> [WHAT YOU ARE ASKED TO DO]
Look below for the line containing "this 1600×1200 image.". Reproduce it and every line after it exactly, and nothing more.

> [Excerpts from a dataset]
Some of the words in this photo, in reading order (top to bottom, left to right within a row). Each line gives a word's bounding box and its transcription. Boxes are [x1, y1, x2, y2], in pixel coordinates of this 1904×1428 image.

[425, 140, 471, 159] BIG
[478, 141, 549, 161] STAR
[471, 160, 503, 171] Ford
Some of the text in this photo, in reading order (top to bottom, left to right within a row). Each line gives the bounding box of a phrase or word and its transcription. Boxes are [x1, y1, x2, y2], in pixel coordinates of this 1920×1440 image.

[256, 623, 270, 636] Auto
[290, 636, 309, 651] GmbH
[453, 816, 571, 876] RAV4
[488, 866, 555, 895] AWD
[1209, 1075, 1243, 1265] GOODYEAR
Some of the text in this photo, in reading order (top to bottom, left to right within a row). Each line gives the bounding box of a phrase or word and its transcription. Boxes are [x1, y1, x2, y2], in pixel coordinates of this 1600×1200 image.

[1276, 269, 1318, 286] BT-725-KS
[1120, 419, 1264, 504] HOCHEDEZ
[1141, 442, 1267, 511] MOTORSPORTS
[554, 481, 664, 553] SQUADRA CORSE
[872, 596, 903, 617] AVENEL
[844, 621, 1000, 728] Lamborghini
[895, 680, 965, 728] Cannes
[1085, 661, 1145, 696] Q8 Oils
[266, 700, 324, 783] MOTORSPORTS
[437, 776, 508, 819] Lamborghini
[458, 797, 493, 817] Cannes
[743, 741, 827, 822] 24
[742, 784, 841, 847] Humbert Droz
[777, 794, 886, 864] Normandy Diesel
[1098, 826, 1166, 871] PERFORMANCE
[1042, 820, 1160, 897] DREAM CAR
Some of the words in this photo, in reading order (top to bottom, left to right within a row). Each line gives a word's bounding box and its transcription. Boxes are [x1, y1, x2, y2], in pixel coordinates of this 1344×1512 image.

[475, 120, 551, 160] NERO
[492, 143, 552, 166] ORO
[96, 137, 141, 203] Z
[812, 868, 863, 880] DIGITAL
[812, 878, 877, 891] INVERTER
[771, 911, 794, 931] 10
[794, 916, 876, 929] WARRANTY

> [ANSWER TO THE EXERCISE]
Some of the text in this photo, in reading order (top to bottom, left to right within a row). Each line gives the bounding box of a phrase or word and its transcription. Boxes are [x1, y1, x2, y2], in pixel coordinates of this 1600×1200 image.

[1276, 269, 1318, 286] BT-725-KS
[1120, 419, 1264, 504] HOCHEDEZ
[1141, 442, 1267, 511] MOTORSPORTS
[554, 481, 664, 553] SQUADRA CORSE
[872, 596, 903, 617] AVENEL
[844, 621, 1000, 728] Lamborghini
[895, 680, 965, 728] Cannes
[1085, 661, 1145, 696] Q8 Oils
[266, 700, 324, 783] MOTORSPORTS
[437, 776, 508, 819] Lamborghini
[458, 797, 493, 817] Cannes
[743, 741, 827, 822] 24
[742, 784, 841, 847] Humbert Droz
[777, 794, 886, 864] Normandy Diesel
[1098, 826, 1166, 871] PERFORMANCE
[1042, 820, 1160, 897] DREAM CAR
Some of the words in this photo, in reading order (top to bottom, left to right within a row). Each line gives a word's bounding box and its transcription. Boxes are [x1, y1, x2, y2], in pixel coordinates of this 1344×1512 image.

[475, 120, 551, 160] NERO
[492, 143, 552, 166] ORO
[96, 137, 141, 203] Z
[812, 868, 863, 880] DIGITAL
[812, 878, 877, 891] INVERTER
[771, 911, 794, 931] 10
[794, 916, 876, 929] WARRANTY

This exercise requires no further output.